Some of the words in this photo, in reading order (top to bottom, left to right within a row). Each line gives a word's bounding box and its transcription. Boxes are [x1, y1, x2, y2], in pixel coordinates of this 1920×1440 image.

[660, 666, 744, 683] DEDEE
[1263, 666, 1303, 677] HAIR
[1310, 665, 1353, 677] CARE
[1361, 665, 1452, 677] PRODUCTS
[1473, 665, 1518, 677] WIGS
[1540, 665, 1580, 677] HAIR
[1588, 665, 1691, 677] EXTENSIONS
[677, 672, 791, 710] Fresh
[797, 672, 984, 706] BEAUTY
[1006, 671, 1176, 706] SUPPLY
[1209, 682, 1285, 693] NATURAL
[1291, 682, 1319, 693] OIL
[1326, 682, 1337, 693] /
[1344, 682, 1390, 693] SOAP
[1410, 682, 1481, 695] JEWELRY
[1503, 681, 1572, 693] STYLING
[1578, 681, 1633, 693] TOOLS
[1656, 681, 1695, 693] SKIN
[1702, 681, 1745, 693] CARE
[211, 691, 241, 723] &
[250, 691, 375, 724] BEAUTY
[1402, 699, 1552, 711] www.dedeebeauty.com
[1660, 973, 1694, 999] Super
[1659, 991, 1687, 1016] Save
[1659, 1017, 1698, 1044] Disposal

----------

Instructions for the task >> Please give back the listing in full; each line must match exactly.

Exercise answer >>
Some of the words in this photo, in reading order (top to bottom, left to right within a row). Each line gives a word's bounding box and its transcription. Boxes are [x1, y1, x2, y2], in pixel coordinates of this 1920×1440 image.

[660, 666, 744, 683] DEDEE
[1263, 666, 1303, 677] HAIR
[1310, 665, 1353, 677] CARE
[1361, 665, 1452, 677] PRODUCTS
[1473, 665, 1518, 677] WIGS
[1540, 665, 1580, 677] HAIR
[1588, 665, 1691, 677] EXTENSIONS
[677, 672, 791, 710] Fresh
[797, 672, 984, 706] BEAUTY
[1006, 671, 1176, 706] SUPPLY
[1209, 682, 1285, 693] NATURAL
[1291, 682, 1319, 693] OIL
[1326, 682, 1337, 693] /
[1344, 682, 1390, 693] SOAP
[1410, 682, 1481, 695] JEWELRY
[1503, 681, 1572, 693] STYLING
[1578, 681, 1633, 693] TOOLS
[1656, 681, 1695, 693] SKIN
[1702, 681, 1745, 693] CARE
[211, 691, 241, 723] &
[250, 691, 375, 724] BEAUTY
[1402, 699, 1552, 711] www.dedeebeauty.com
[1660, 973, 1694, 999] Super
[1659, 991, 1687, 1016] Save
[1659, 1017, 1698, 1044] Disposal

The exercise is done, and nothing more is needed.